Your answer must be an exact copy of the entries below, with every picture removed.

Records excerpted from a collection:
------------

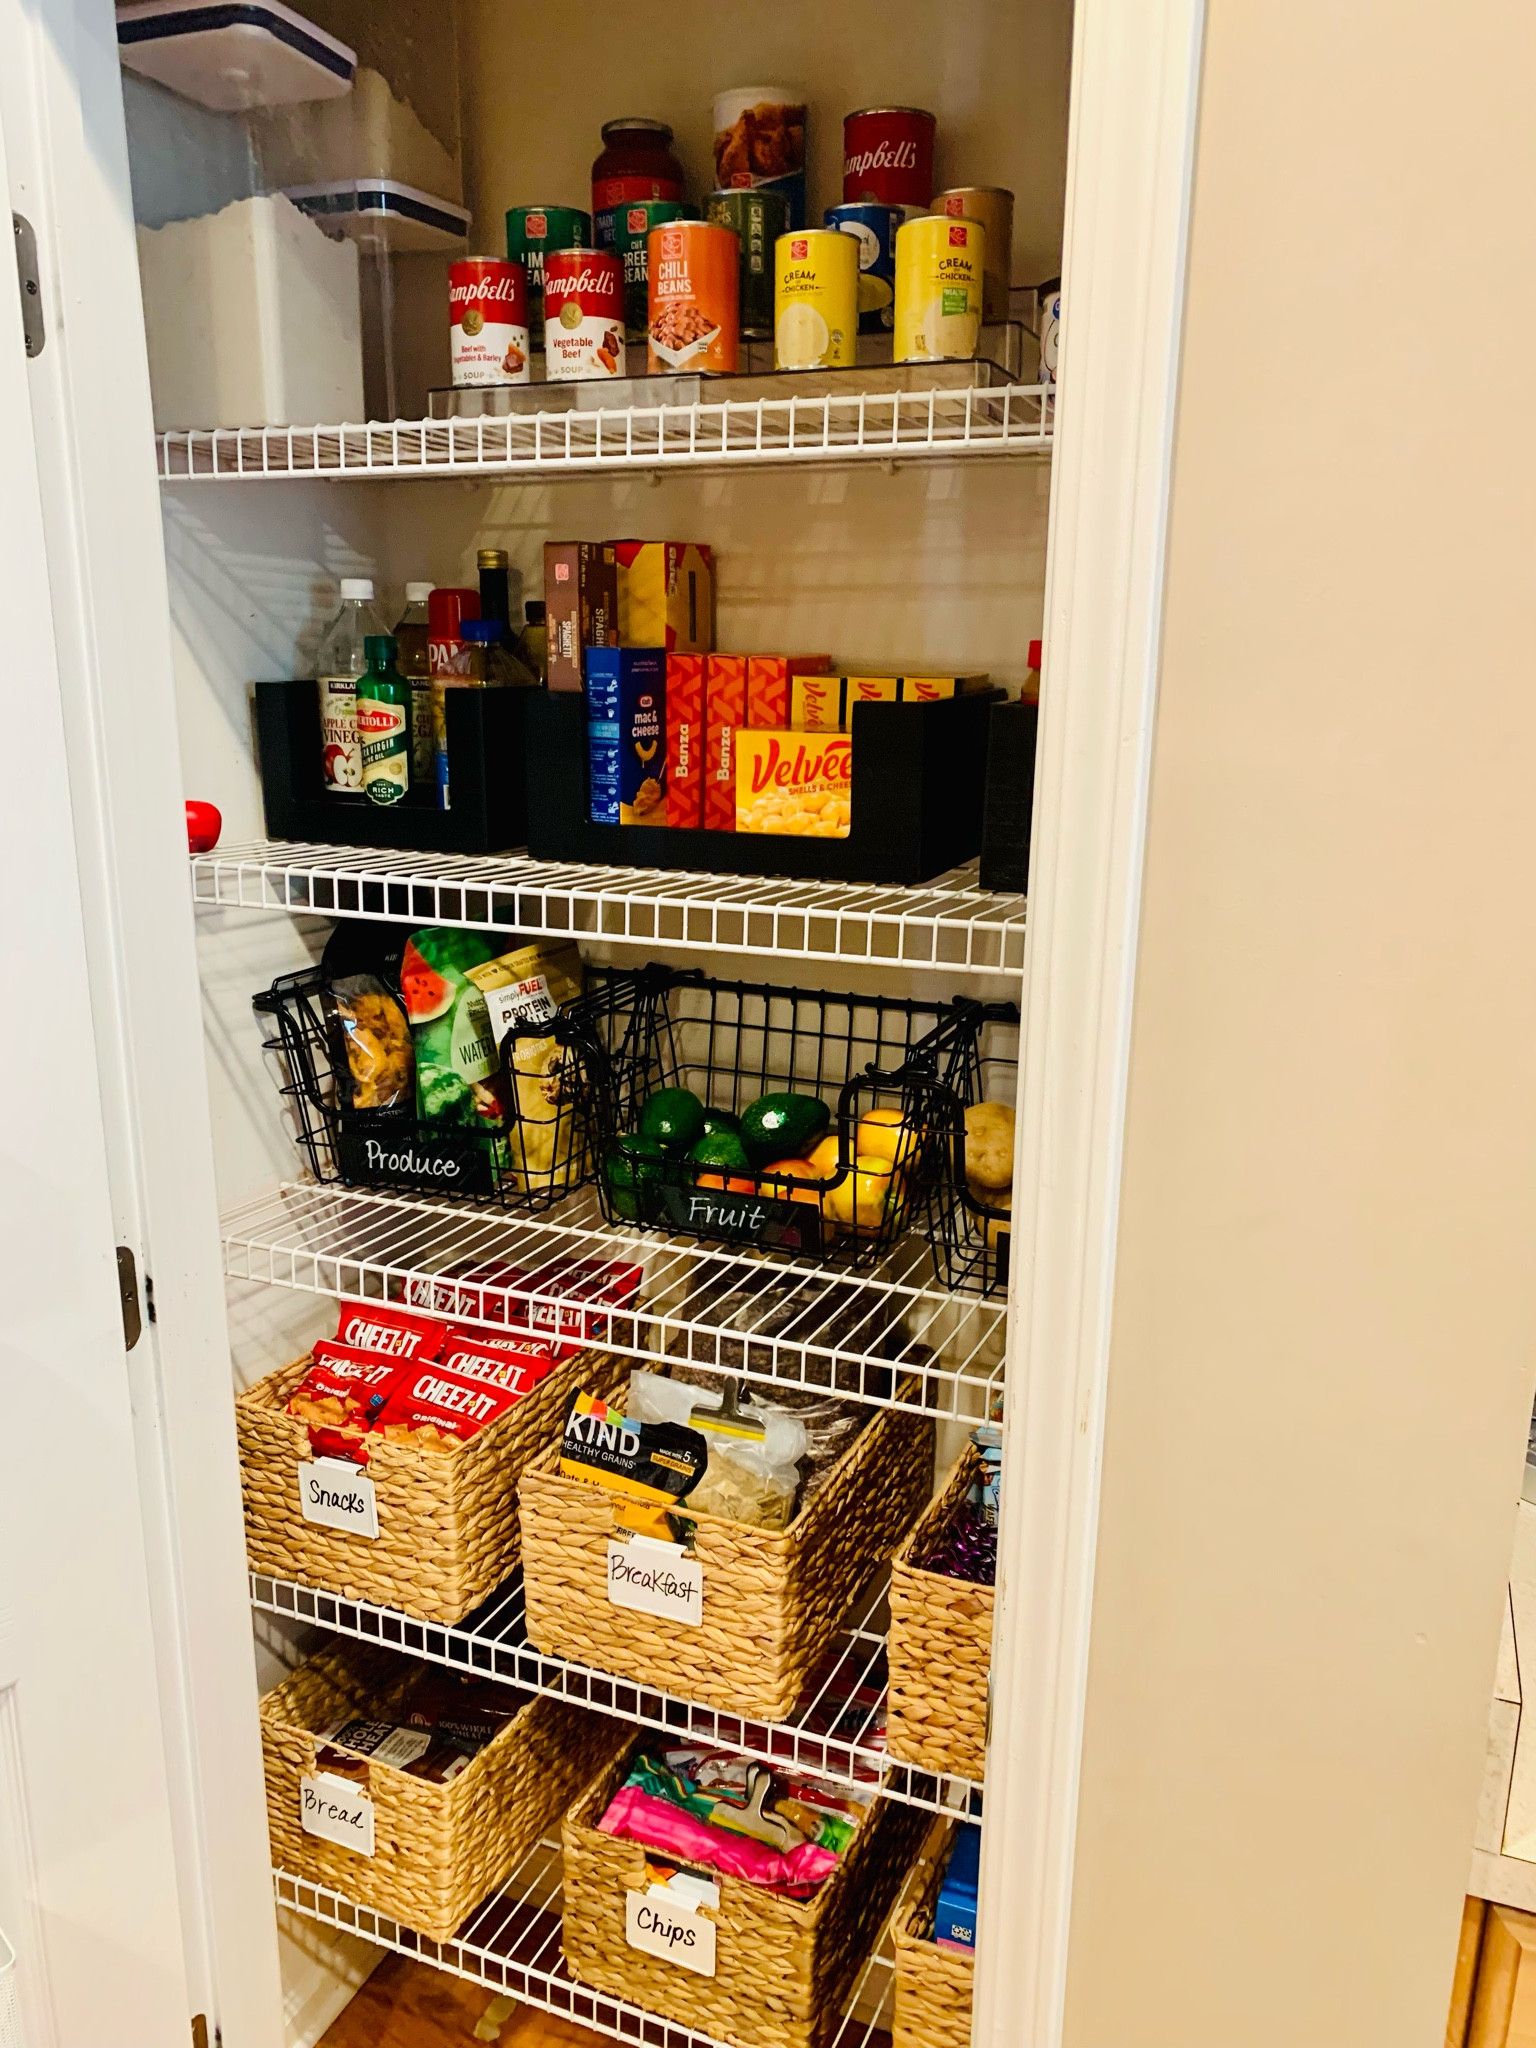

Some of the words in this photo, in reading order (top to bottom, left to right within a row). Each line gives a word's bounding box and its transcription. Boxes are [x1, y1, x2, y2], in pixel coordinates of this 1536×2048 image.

[844, 140, 917, 177] ampbell's
[658, 260, 688, 280] CHILI
[939, 258, 972, 272] CREAM
[784, 269, 816, 284] CREAM
[939, 272, 971, 282] CHICKEN
[449, 275, 515, 306] ampbell's
[657, 279, 692, 296] BEANS
[785, 284, 815, 294] CHICKEN
[552, 337, 594, 349] Vegetable
[562, 349, 582, 359] Beef
[463, 371, 485, 380] SOUP
[560, 365, 583, 374] SOUP
[595, 607, 605, 648] SPAGH
[561, 620, 573, 658] SPAGHETTI
[634, 712, 652, 725] mac
[369, 738, 395, 754] VIRGIN
[675, 723, 689, 778] Banza
[716, 726, 731, 781] Banza
[374, 752, 385, 761] OIL
[372, 785, 394, 794] RICH
[788, 786, 817, 796] SHELLS
[819, 784, 825, 792] &
[501, 995, 552, 1024] PROTEIN
[365, 1139, 461, 1177] Produce
[689, 1197, 765, 1229] Fruit
[564, 1410, 641, 1458] KIND
[562, 1439, 601, 1460] HEALTHY
[682, 1450, 692, 1463] 5
[652, 1454, 671, 1466] SUPER
[670, 1459, 695, 1474] GRAINS
[309, 1479, 365, 1513] Snacks
[611, 1554, 698, 1602] Breakfast
[303, 1788, 363, 1829] Bread
[637, 1906, 697, 1949] Chips
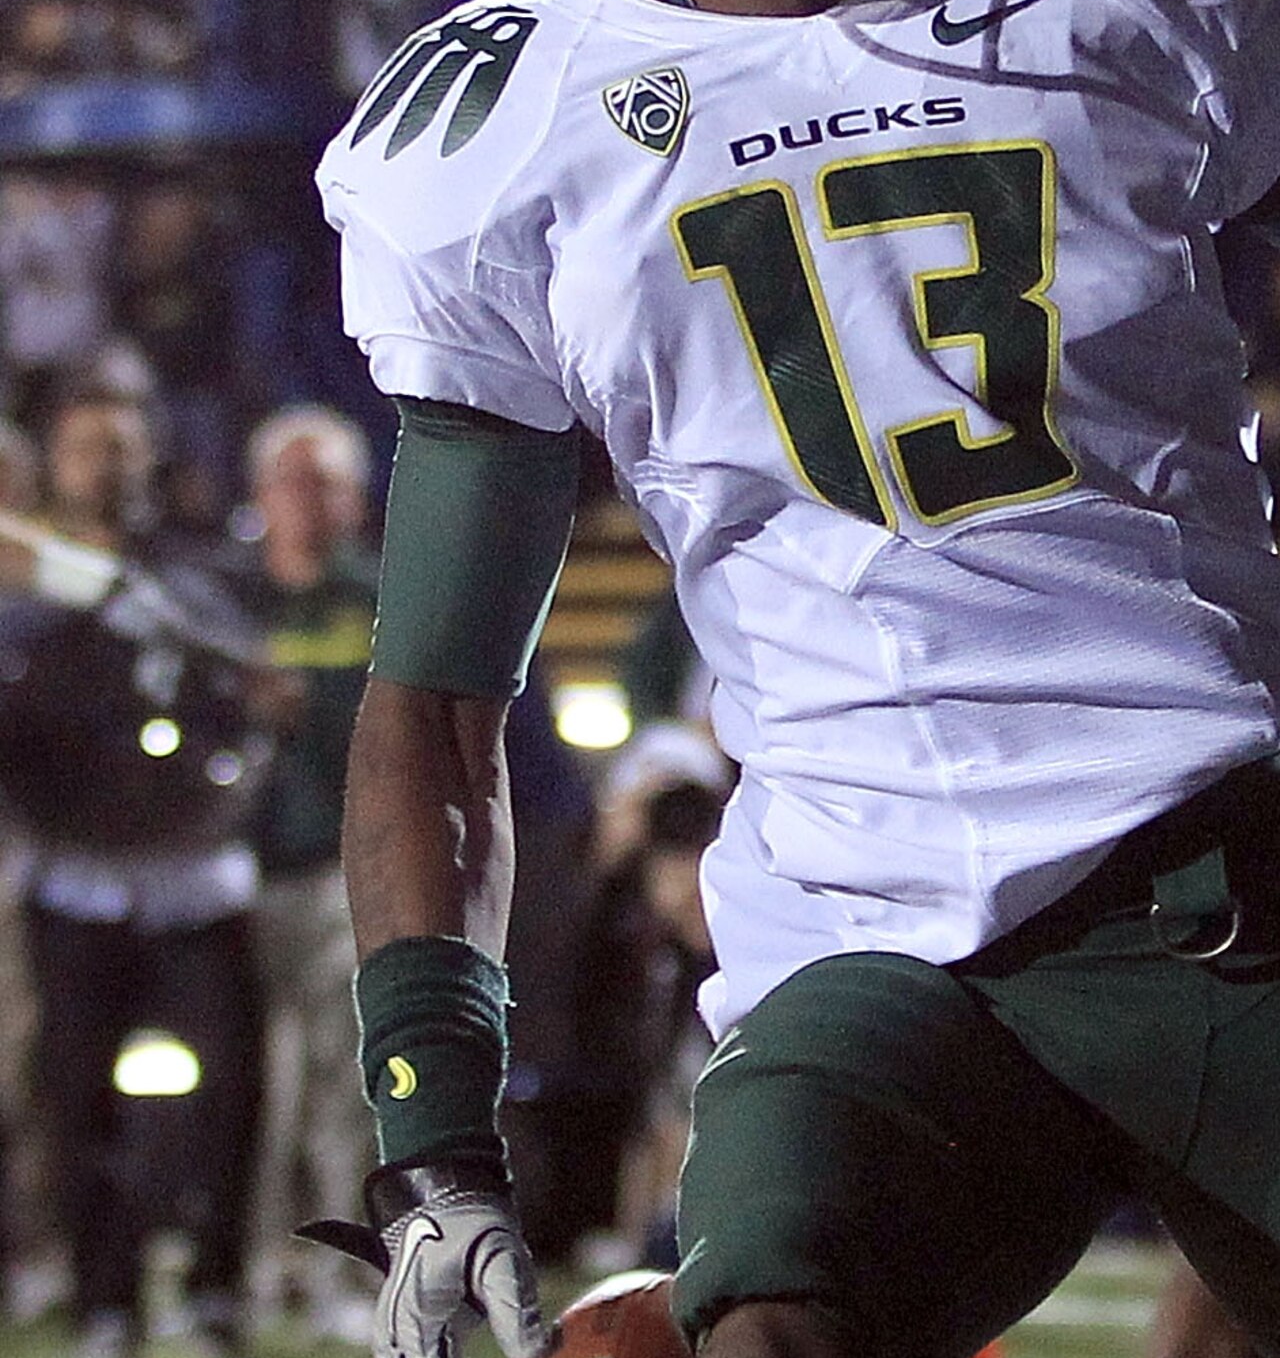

------------

#### Answer for this exercise:
Some of the words in this photo, in reading order (top to bottom, left to right within a row). Each line gives a word's bounding box and its transcription. Boxes are [x1, y1, x2, y2], in pixel coordinates of this 1536×2048 image.

[844, 140, 917, 177] ampbell's
[658, 260, 688, 280] CHILI
[939, 258, 972, 272] CREAM
[784, 269, 816, 284] CREAM
[939, 272, 971, 282] CHICKEN
[449, 275, 515, 306] ampbell's
[657, 279, 692, 296] BEANS
[785, 284, 815, 294] CHICKEN
[552, 337, 594, 349] Vegetable
[562, 349, 582, 359] Beef
[463, 371, 485, 380] SOUP
[560, 365, 583, 374] SOUP
[595, 607, 605, 648] SPAGH
[561, 620, 573, 658] SPAGHETTI
[634, 712, 652, 725] mac
[369, 738, 395, 754] VIRGIN
[675, 723, 689, 778] Banza
[716, 726, 731, 781] Banza
[374, 752, 385, 761] OIL
[372, 785, 394, 794] RICH
[788, 786, 817, 796] SHELLS
[819, 784, 825, 792] &
[501, 995, 552, 1024] PROTEIN
[365, 1139, 461, 1177] Produce
[689, 1197, 765, 1229] Fruit
[564, 1410, 641, 1458] KIND
[562, 1439, 601, 1460] HEALTHY
[682, 1450, 692, 1463] 5
[652, 1454, 671, 1466] SUPER
[670, 1459, 695, 1474] GRAINS
[309, 1479, 365, 1513] Snacks
[611, 1554, 698, 1602] Breakfast
[303, 1788, 363, 1829] Bread
[637, 1906, 697, 1949] Chips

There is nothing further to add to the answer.